Several other homeless people said their belongings, too, were taken and police threatened to arrest them for theft if they claimed their possessions.

The incident was reminiscent of city sweeps conducted a few years ago during which shopping carts full of the belongings of homeless people were taken by police and city neighborhood services workers outside a local shelter.

Metropolitan Police Department Sgt. Damian Walburn confirmed that officers asked the Rapid Response Team to pick up eight carts on Wednesday, but denied that officers threatened the homeless or didn't allow them to retrieve their belongings.

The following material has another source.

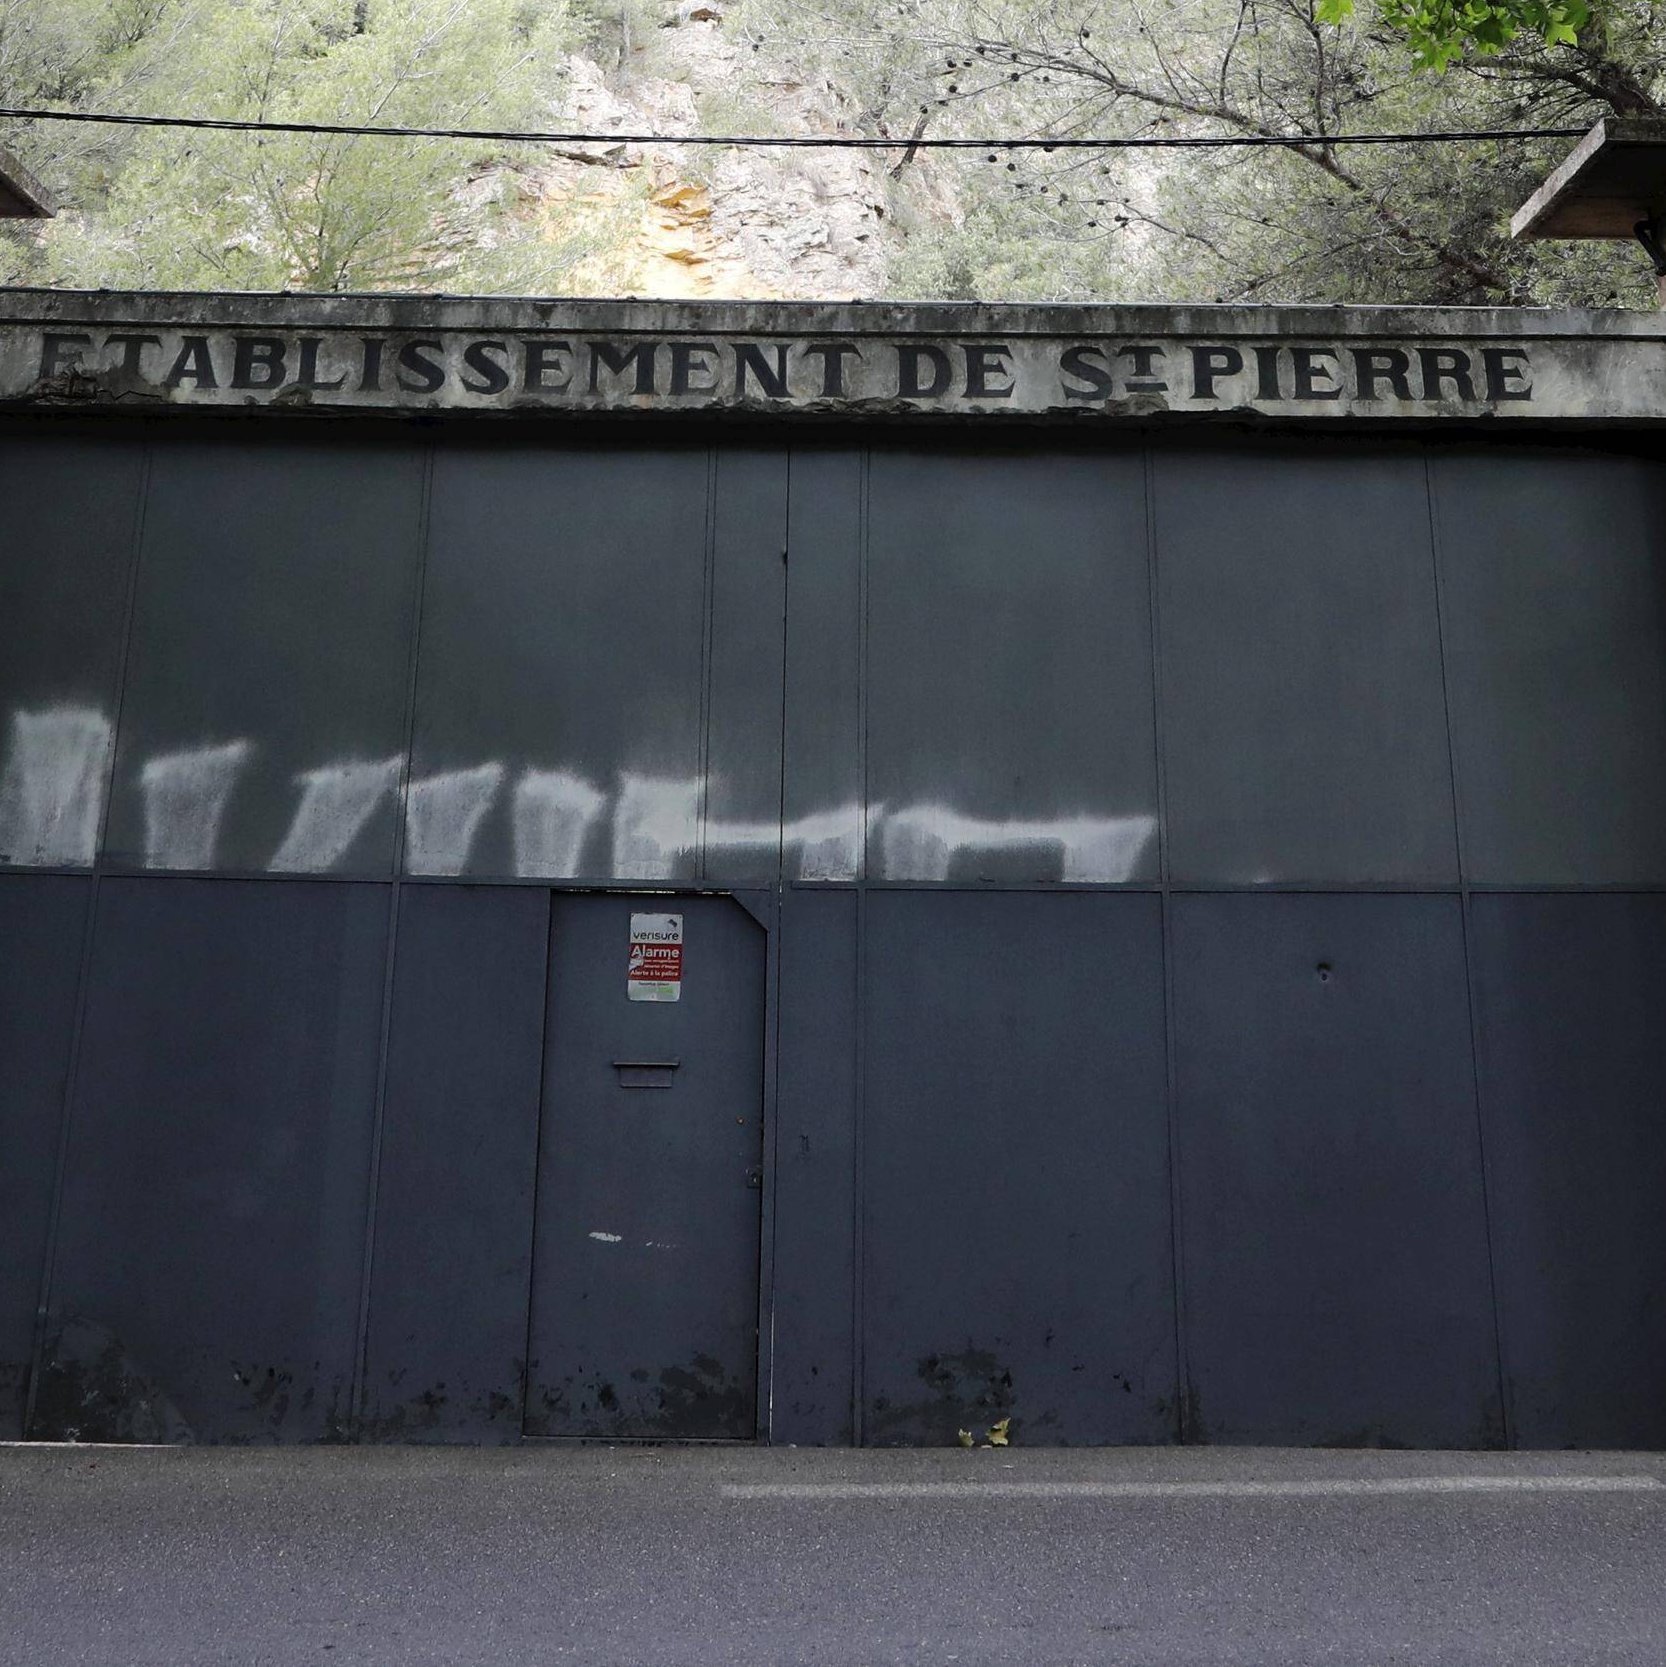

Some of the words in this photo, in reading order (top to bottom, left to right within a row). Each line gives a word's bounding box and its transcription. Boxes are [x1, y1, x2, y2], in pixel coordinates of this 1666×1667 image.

[895, 343, 1016, 399] DE
[1186, 345, 1534, 403] PIERRE
[633, 932, 679, 940] verisure
[631, 944, 680, 958] Alarme

"If a person is in possession of a shopping cart outside of a parking lot where a vendor would have a cart, then, yeah, it is theft," he said.

"If we run across a homeless person and they have a shopping cart, we tell them they can take their items out of the cart but cannot keep the cart. If they have anything like medication, prescription eyewear, they (the homeless) take that property."

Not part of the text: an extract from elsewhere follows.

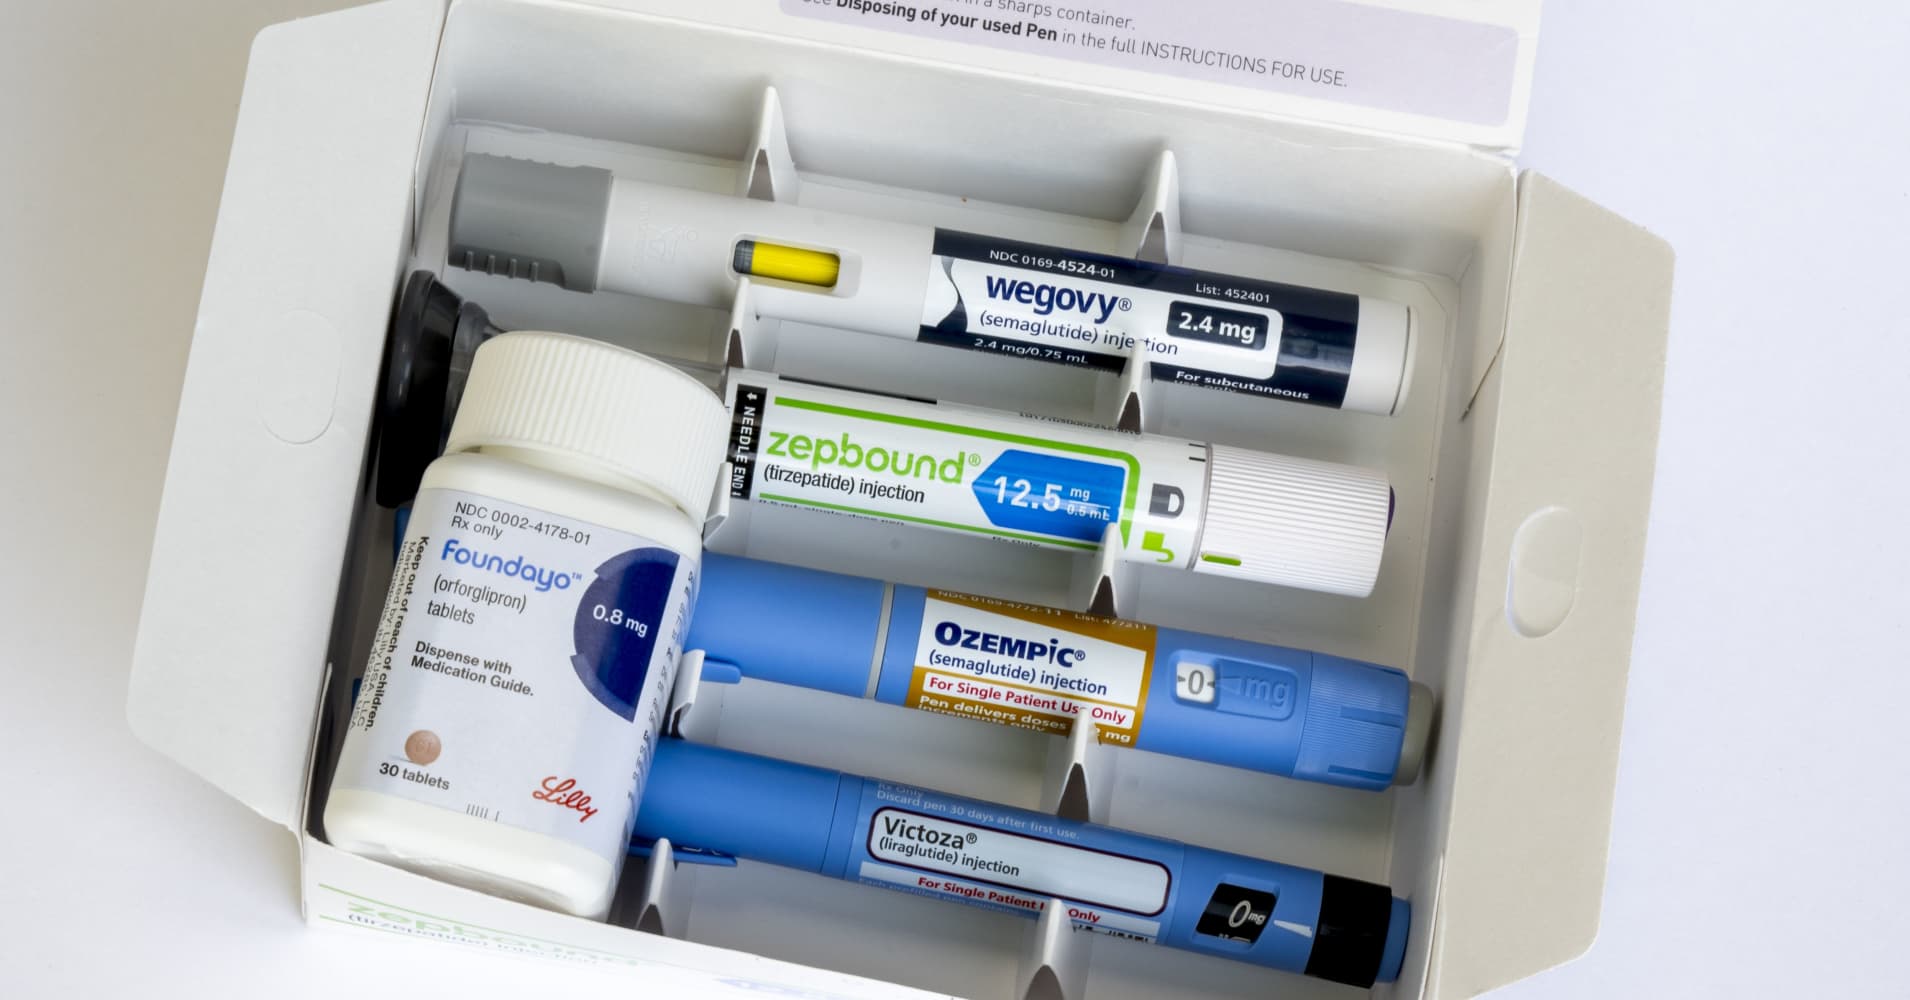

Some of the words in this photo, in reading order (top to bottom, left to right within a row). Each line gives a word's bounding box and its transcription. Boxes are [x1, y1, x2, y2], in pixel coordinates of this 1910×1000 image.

Walburn said people are given "chance after chance after chance" to remove their items before the carts are taken.

The city's Rapid Response Team, part of the Neighborhood Services Department, is complaint-driven and works to address neighborhood problems including graffiti, garbage and litter violations.

The city tries to return seized shopping carts to their owners, such as markets and other retail stores, a city spokesman said. If it is unable to return them, the carts are recycled.

Local civil rights advocates were incensed by Wednesday's incident and said it amounts to harassment of homeless people.

"Clearly, when people are losing items such as food, medicine, clothing and blankets, the city is depriving them of the very tools they need to survive," said Lee Rowland, staff attorney for the American Civil Liberties Union of Nevada.

"Taking away the necessities of life isn't going to help anyone get on their feet."

Linda Lera-Randle El, director of the Straight from the Streets program that works with the homeless, said taking shopping carts away is a waste of time and that enforcement is selective.

"You aren't going to find some elderly lady pushing a shopping cart and someone (police) rolling up on them and taking their cart," she said. "I don't think homeless people should be given special privileges, but I don't think they should be harassed based on something as minor as a shopping cart."

City Manager Doug Selby ordered Huntridge Circle Park, a daytime hangout for the homeless, closed Nov. 27, citing safety concerns and the fatal stabbing of a homeless man in the park. Since then, several homeless people who used to hang out there instead spend their days at Jaycee Park.